Synchronism Indicator! (Photo: mbiddulph, flickr)
Tent cities and shacks sprung up on empty lots across the country. Food lines at soup kitchens wrapped around city blocks. Unemployment soared to 25 percent. Farmers watched helplessly as crop prices plummeted, then lost their land. The evidence was clear, yet at the height of the Great Depression, Congress lacked the tools to accurately measure just how the economy as a whole was faring. With no commonly accepted national income data, they had no guideposts upon which to base sound economic policy.
And so Congress turned to a young and promising Russian-American economist. U.S. lawmakers asked Professor Simon Kuznets of the National Bureau of Economic Research, who would go on to win the Nobel Prize in economics, to develop a data set to assess the state of the national economy. In 1937, Kuznets presented a vast volume of data on income to Congress. It became the Gross National Product (GNP).
With remarkable foresight and humility, Kuznets warned that his newly minted GNP shouldn’t be used as an instrument of social policy. It could never adequately measure the things we value, he said, such as housework or caring for elderly parents. Nor, he warned, could the GNP distinguish between the growth of good and bad jobs. The data would be the same if workers earned their pay from employers who endangered their lives or guarded their health and safety. “Goals for more growth should be more growth of what and for what,” Kuznets said.

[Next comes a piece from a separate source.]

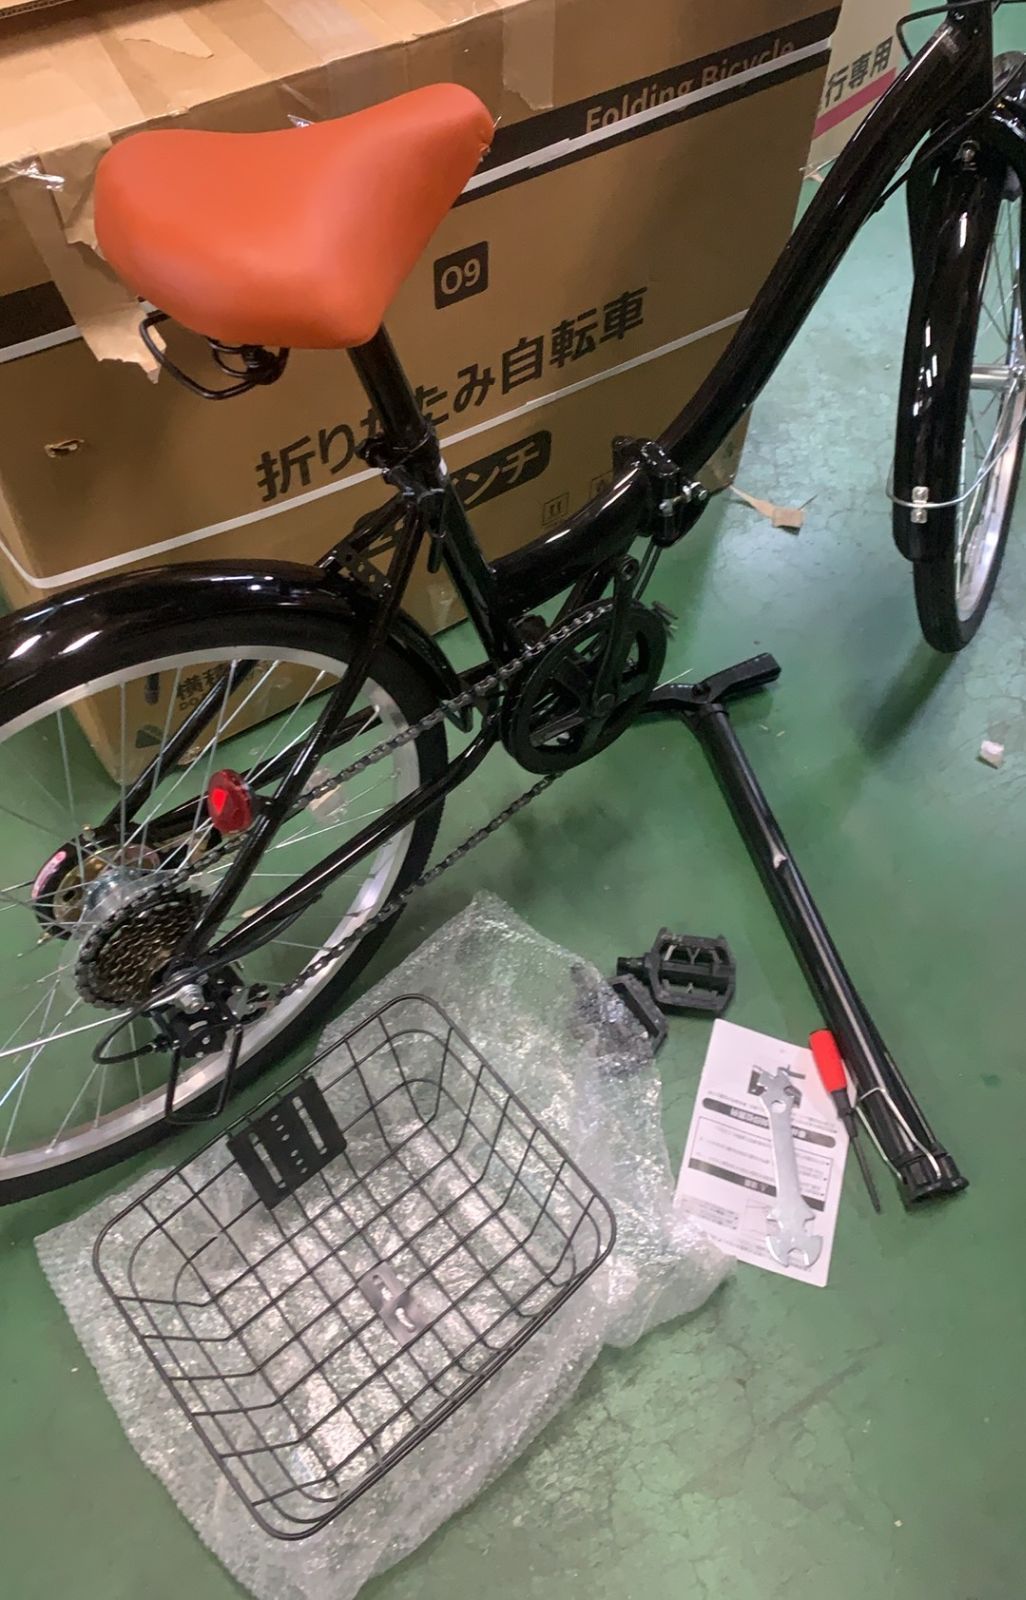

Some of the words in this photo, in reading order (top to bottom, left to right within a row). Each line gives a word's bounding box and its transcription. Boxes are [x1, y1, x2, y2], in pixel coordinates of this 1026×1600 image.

[825, 36, 893, 108] 行専用
[255, 286, 648, 502] 折りたみ自転車

Alas, Kuznets’ warnings on the GNP — later renamed the Gross Domestic Product (GDP) — went unheeded. Instead, the GDP became the barometer of health not only for the U.S. economy, but for the entire global economy.
More than 70 years later, the desirability of GDP growth is so entrenched in our national and international discourse that it’s hard to imagine it any other way. The revered indicator’s expansion or contraction can swing national elections. Conversely, talk of GDP declines can drive a country to war.
During tough economic times such as these, it’s particularly surprising to have a leader bucking the tide. Yet Martin O’Malley is doing just that. Maryland’s governor is the first in the United States to embrace a set of alternative indicators that bring depth to the analysis of his state’s economic growth. Under O’Malley’s leadership, the state’s officials are now gathering and annually updating economic, social, and environmental data that help measure the overall wellbeing of Maryland’s citizens.
The 26 underlying indicators, which collectively comprise the “Genuine Progress Indicator,” are a more meaningful gauge of the overall economic health and wellbeing of Maryland residents than standard economic measuring sticks. For example, the state tracks things like volunteerism, time spent with family and loved ones, and air quality in its quest to gauge its real progress. These indicators may lack concrete economic value, but studies show they help make a society more healthy and vibrant.
GPI assesses what’s left behind when the “gross product” expands. Is the landscape more or less toxic than before? Is the air and water cleaner or dirtier? How well-educated is the populace? Is public transportation decent? Is crime more common? Are too many people spending more time commuting to jobs than at home with their kids?
Maryland leads the nation in measuring overall societal wellbeing through the GPI, but there are similar efforts underway elsewhere in the United States, as well as in Canada, France, and even Bhutan. Yes, Bhutan, a tiny country nestled in the Himalayan mountains. There, “gross domestic happiness” carries more weight than the gross domestic product.
It’s time to recall Kuznets’ warnings about the limitations of the GDP and to pick up where he left off by embracing a new set of tools that will help shape good social, environmental, and economic policy — not just for Maryland, but for our entire country and the world.



3 Comments

I’ve been saying this for years. Using GDP just doesn’t make sense — as resources dwindle and credit is maxed out. But when did the One Percent ever listen to us?
Thanks for this information about the history of the GDP and what Maryland is doing. I am going to look into it further.
This is a very important post. Thanks, Daphne, and thanks, Gov. Martin O’Malley!
Loosening the grip of the GNP as an accepted measure of general well-being must be part of our current revolution.
In the late 1950s, I took Econ 101 with a young section guy who challenged the primacy of the GDP as a measure of economic — progress? well-being? Anyway, as any be-all and end-all.
One of his examples: that $5. spent on a bottle of nail polish counted the same as $5. spent on education. That made no sense then. It makes no sense now.
There’s a practical application in conversations about jobs. Those pushing for the XL tar sands pipeline parrot that it will create jobs. Sure. And just what is the good in creating jobs cleaning up oil spills?